“It’s grey today,” I murmur as I wrestle with my bra clasp and rummage through my underwear drawer, scavenging for something lacy, bright and racy to offset the grey. He’s in his bathroom and I'm in mine. His mouth is full of toothpaste as he gurgles back, “Yes indeed, my dear.” He always calls me dear. Some days are just grey – the routine in all of its monotony, the dishwashers, the grocery store, the food – bland and unenticing – the subtle aches and pains, the same annoying issues or people… the Groundhog day to end all Groundhog days. Indeed, life can get grey if you let it.
I’d be lying not to admit that marriage occasionally feels a bit like this at times. You can’t have sex with the same person for twenty plus years and not feel a yawn coming on if you don’t mix it up. Not all the time, but some of the time, marriage takes on a Monday kinda feel… restless with a need for something different. As I turn to grab my keys and purse from my bathroom vanity I see the tiny dry cleaning tag wedged between my Sonicare toothbrush bristles and I chuckle to myself (it’s an ongoing, long running joke between my husband and me). He takes it off his shirt collar every morning and hides it where he knows I will discover it – like on the toilet seat or my razor. He always makes me smile.
What is it, then, that keeps marriage alive through the grey days? How can we continue to be in love with one another over the years? Why do people at the hotel pool ask us if we are honeymooning? How come he still sneaks a grab at the back pocket of my jeans at the airport and holds my hand in the car while our two kids are in the backseat? Why does he still bring me roses, and why do I text him random I love you’s? What’s the secret to keeping it going? In watching couples in turmoil as a counselor and in our twenty plus years together, I can honestly sum it up pretty neatly:
Respect one another. And I mean truly respect your partner with words and actions. It’s so easy to take them for granted, like an old chair you’ve had for years and are like…”So what if I spill something on that old thing?” It matters how you treat one another day in and day out. Honor them. Let them know you value them – body and soul, wrinkles and all – every bit of them as your life partner. Remind them often what you respect and love about them.

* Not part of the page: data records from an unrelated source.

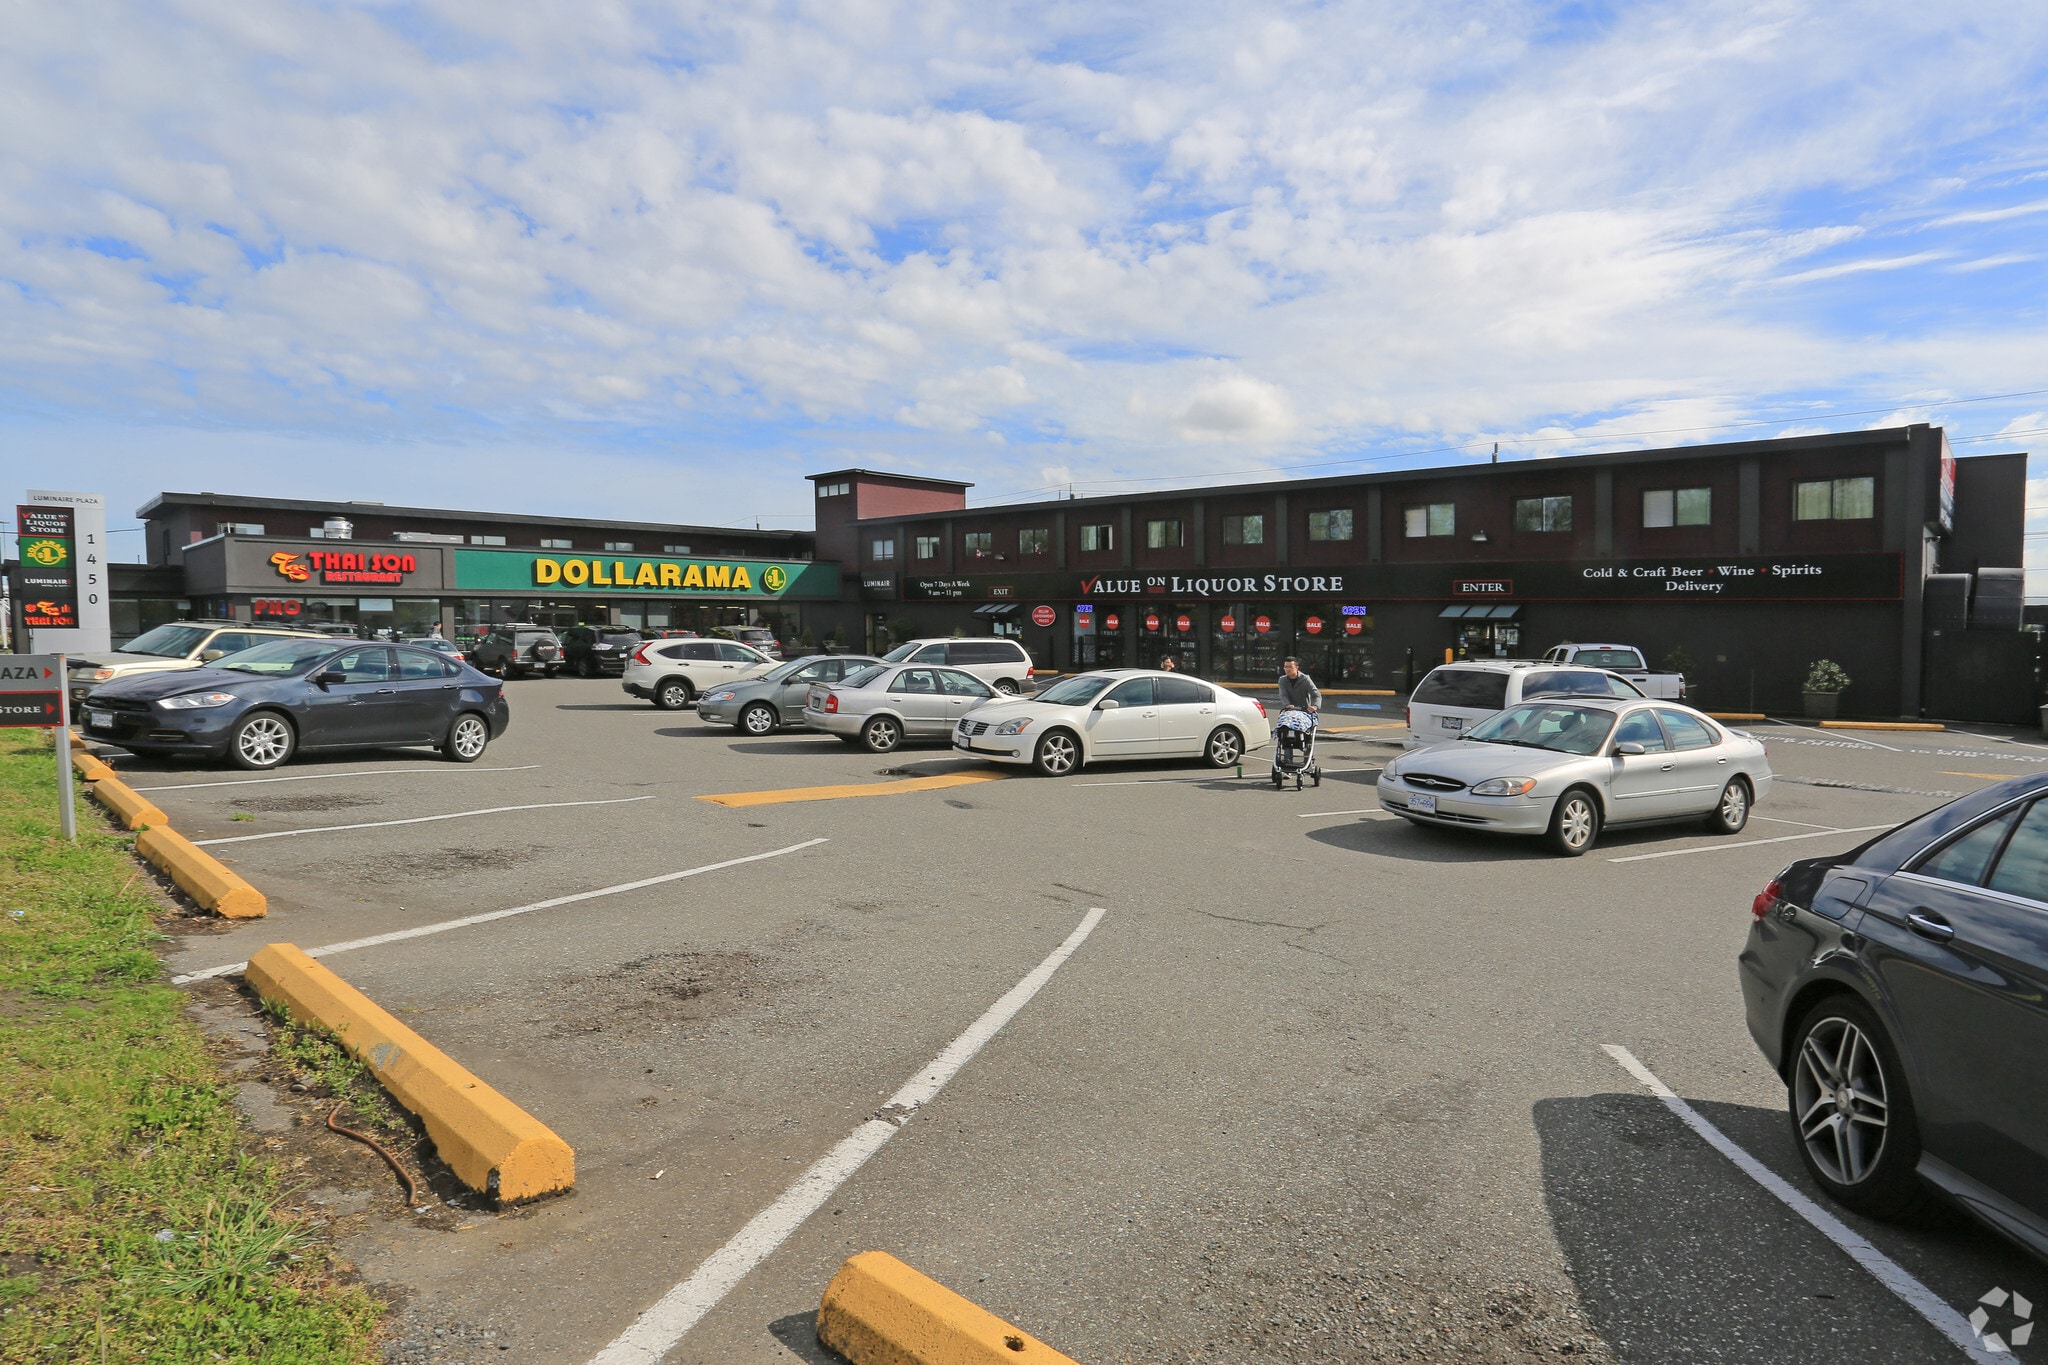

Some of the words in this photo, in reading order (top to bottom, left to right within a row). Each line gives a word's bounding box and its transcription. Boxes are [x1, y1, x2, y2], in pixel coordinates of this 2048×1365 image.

[33, 495, 74, 503] LUMINAIRE
[26, 519, 67, 527] LIQUOR
[308, 552, 365, 570] THAI
[370, 553, 416, 572] SON
[324, 570, 403, 582] RESTAURANT
[536, 558, 751, 588] DOLLARAMA
[1583, 568, 1613, 578] Cold
[1618, 568, 1628, 578] &
[1633, 566, 1667, 577] Craft
[1671, 566, 1704, 577] Beer
[1717, 565, 1755, 576] Wine
[1772, 564, 1822, 578] Spirits
[1146, 576, 1166, 586] ON
[1171, 576, 1258, 596] LIQUOR
[1264, 574, 1343, 592] STORE
[1462, 583, 1504, 592] ENTER
[1666, 580, 1724, 594] Delivery
[254, 599, 302, 616] PHO
[1342, 606, 1366, 616] OPEN
[24, 616, 51, 625] THAI

It creates an impermeable bond. Say you’re sorry when you have disrespected them. Own it. Do better.
Keep growing. Not just as individuals but as a couple. In the bedroom and intellectually… keep evolving. What does this translate into? In the bedroom… just check in. Shake it up sometimes…wear something different, ask what your partner wants. Stagnation is the kiss of death (literally). If you have issues, address them in therapy and communicate. Don’t turn away from what isn’t working or what you are lacking. Intellectually, keep reaching for new knowledge… have conversations for Pete’s sake. I cannot stand to see a couple at a beautiful restaurant staring at one another blankly or, worse yet, incessantly on their phones. BE with each other. Be present. Explore new interests and hobbies and, better yet, do new things together. Explore the world and one another.
Have rituals. I mentioned the dry cleaning tag. We have lots of those because tradition is endearing. The characteristics of my husband are endearing. When we are away from one another, I long for these things. Have things that are just yours—specifically unique to you as couple. Things you do, things you say, YOUR restaurants, inside jokes, looks. Love is in the tiny transactions…. it really is the little things that glue it all together.
Laugh together. A long life together is bound to have many difficult times. A sense of humor goes a really long way. Try not to be so critical. Try to give your partner the benefit of the doubt before you jump down their throat about something. Next time something they do pushes your button; try to not fly off the handle. Breathe, and approach them in a softer way. Make it lighter when things get heavy – I can say it has always been our saving grace that we see the world as funny and enjoy our twisted comedic view as we walk through life together. Heaven knows, it’s a mandatory skill required in parenthood and marriage alike.
So, that’s my take on keeping marriage alive.
It’s a typical Saturday morning. The sun is beaming through the window and I smell waves of espresso wafting in the air (I swear I could smell it miles away). The pocket doors of our bedroom slide open and my husband materializes in his tattered, well-worn robe offering up my espresso just the way I like it (three shots and 1% milk). I must look scary, I think to myself, having done the drop the clothes by the bedside, forget the face wash, teeth brush after a late night in my smeary mascara and disheveled braid with laugh lines and wrinkles that seem to deepen by the second these days. We’re so familiar, I think. He lies back down next to me face to face and stares lovingly at me “You’re beautiful, you know, ” he says. He never sees my imperfections – and I know that’s pure magic. I scan his face and smooth my hand over the frayed edges on the collar of his robe, noticing the rugged little lines around his pitch black eyes that have seen so much life along with me and I forget everything grey. The sun is shining again.